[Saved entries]

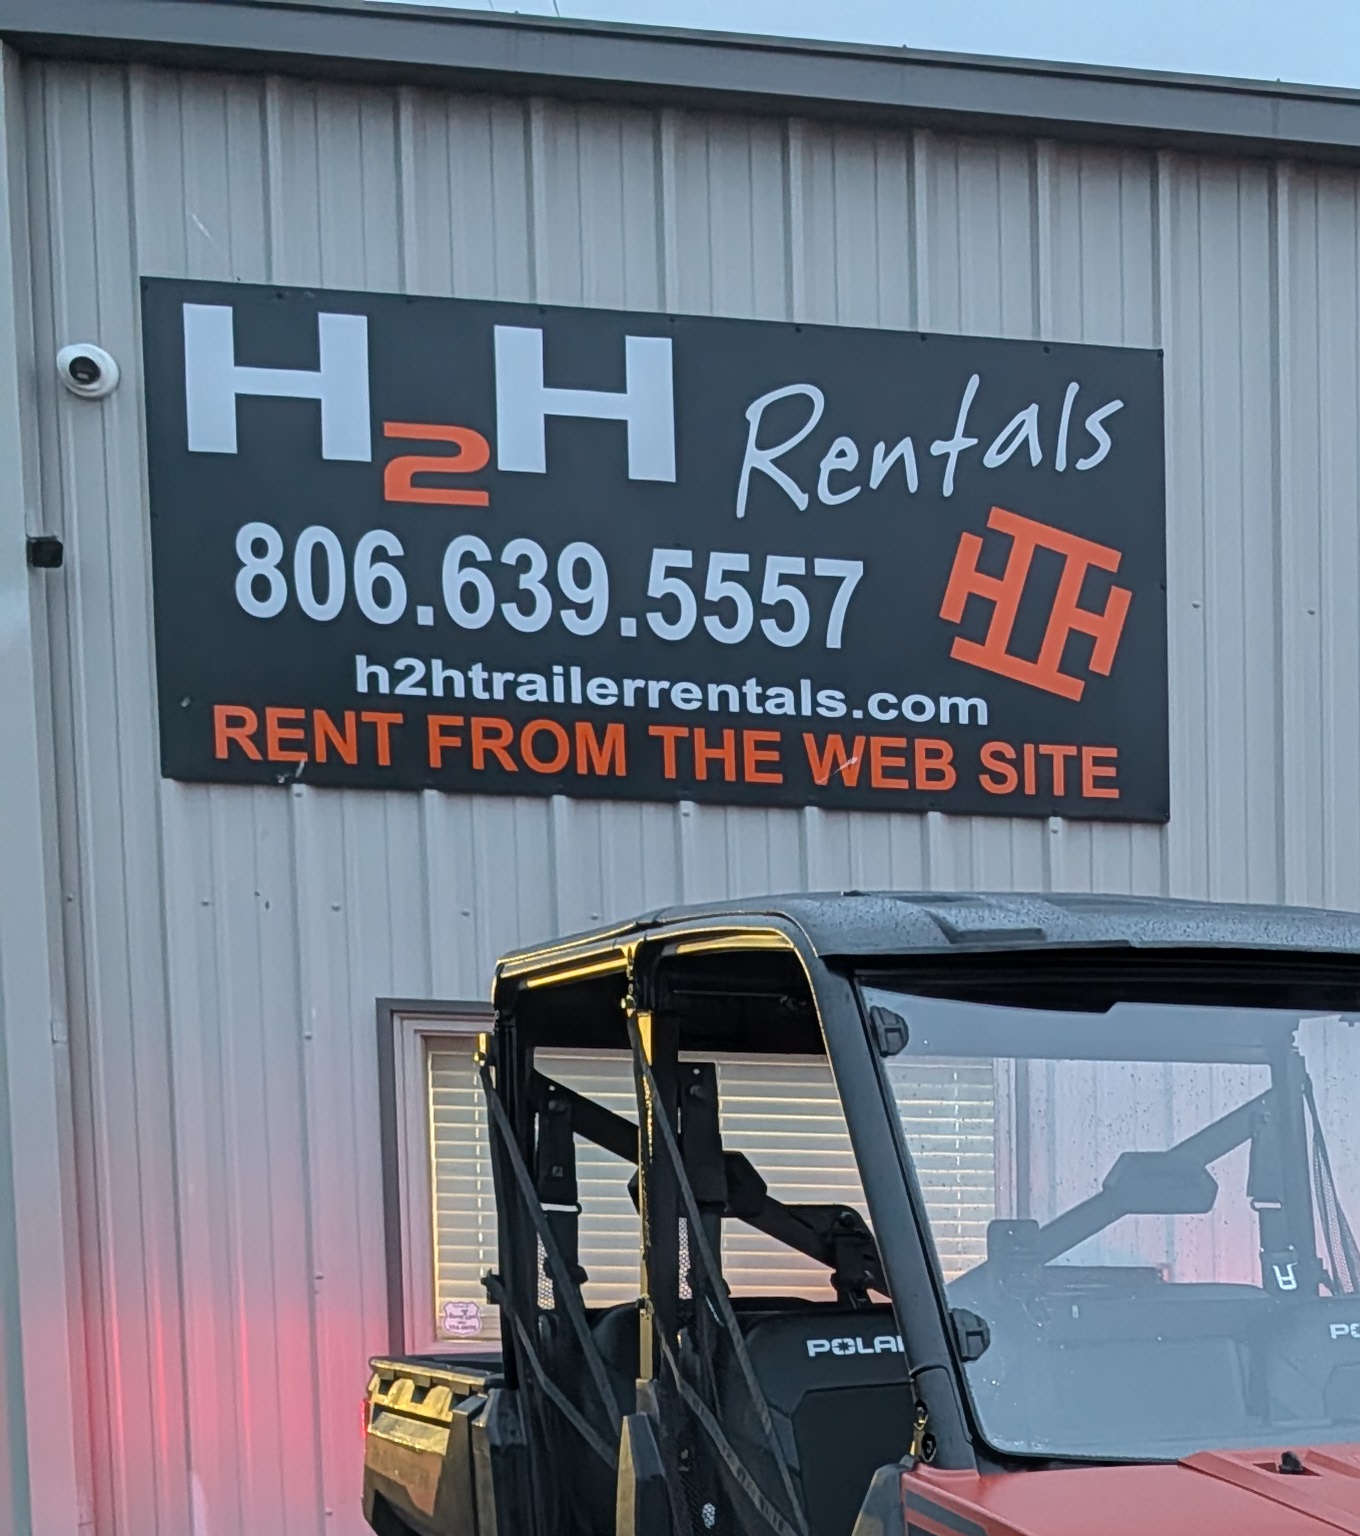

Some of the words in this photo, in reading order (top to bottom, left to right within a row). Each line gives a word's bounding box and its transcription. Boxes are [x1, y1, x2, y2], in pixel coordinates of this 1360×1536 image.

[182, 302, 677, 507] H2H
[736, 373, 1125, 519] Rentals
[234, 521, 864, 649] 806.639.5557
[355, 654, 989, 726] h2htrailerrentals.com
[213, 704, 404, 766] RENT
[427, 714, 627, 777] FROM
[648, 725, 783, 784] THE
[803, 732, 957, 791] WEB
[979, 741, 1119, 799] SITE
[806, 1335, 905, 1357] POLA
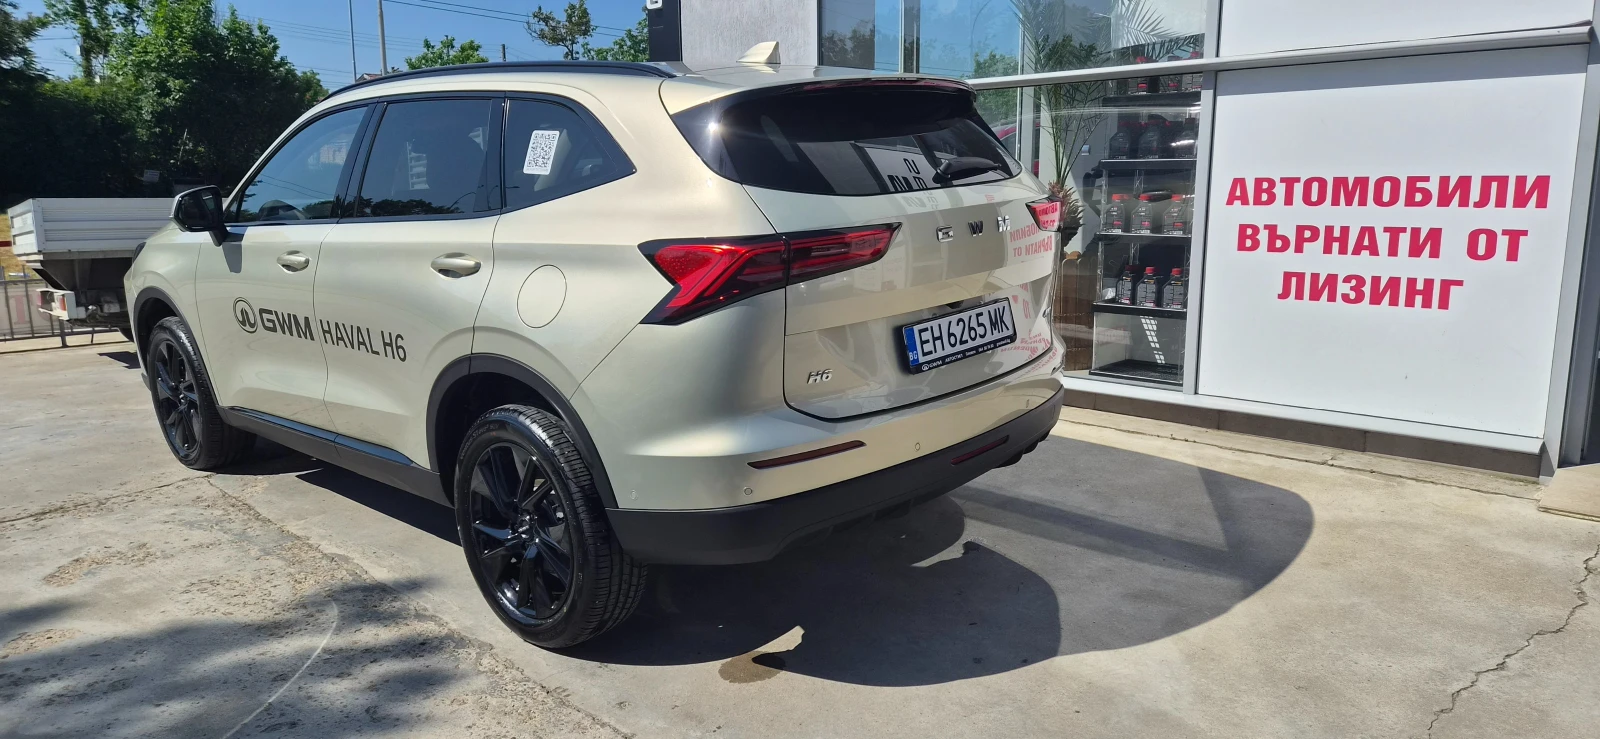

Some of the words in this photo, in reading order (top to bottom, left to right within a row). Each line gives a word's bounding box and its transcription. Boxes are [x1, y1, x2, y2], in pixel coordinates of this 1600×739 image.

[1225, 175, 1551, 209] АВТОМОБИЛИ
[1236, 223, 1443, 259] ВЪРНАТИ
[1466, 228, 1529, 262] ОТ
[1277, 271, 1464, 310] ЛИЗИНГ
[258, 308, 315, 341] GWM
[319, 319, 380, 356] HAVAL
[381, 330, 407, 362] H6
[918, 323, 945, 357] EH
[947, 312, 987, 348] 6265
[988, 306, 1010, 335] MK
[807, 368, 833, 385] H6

▶ **Task requirements**:
Please repeat each line from the one with "this 1600×739 image." through the last line of the data above, and add nothing.

▶ **Solution to the exercise**:
Some of the words in this photo, in reading order (top to bottom, left to right within a row). Each line gives a word's bounding box and its transcription. Boxes are [x1, y1, x2, y2], in pixel coordinates of this 1600×739 image.

[1225, 175, 1551, 209] АВТОМОБИЛИ
[1236, 223, 1443, 259] ВЪРНАТИ
[1466, 228, 1529, 262] ОТ
[1277, 271, 1464, 310] ЛИЗИНГ
[258, 308, 315, 341] GWM
[319, 319, 380, 356] HAVAL
[381, 330, 407, 362] H6
[918, 323, 945, 357] EH
[947, 312, 987, 348] 6265
[988, 306, 1010, 335] MK
[807, 368, 833, 385] H6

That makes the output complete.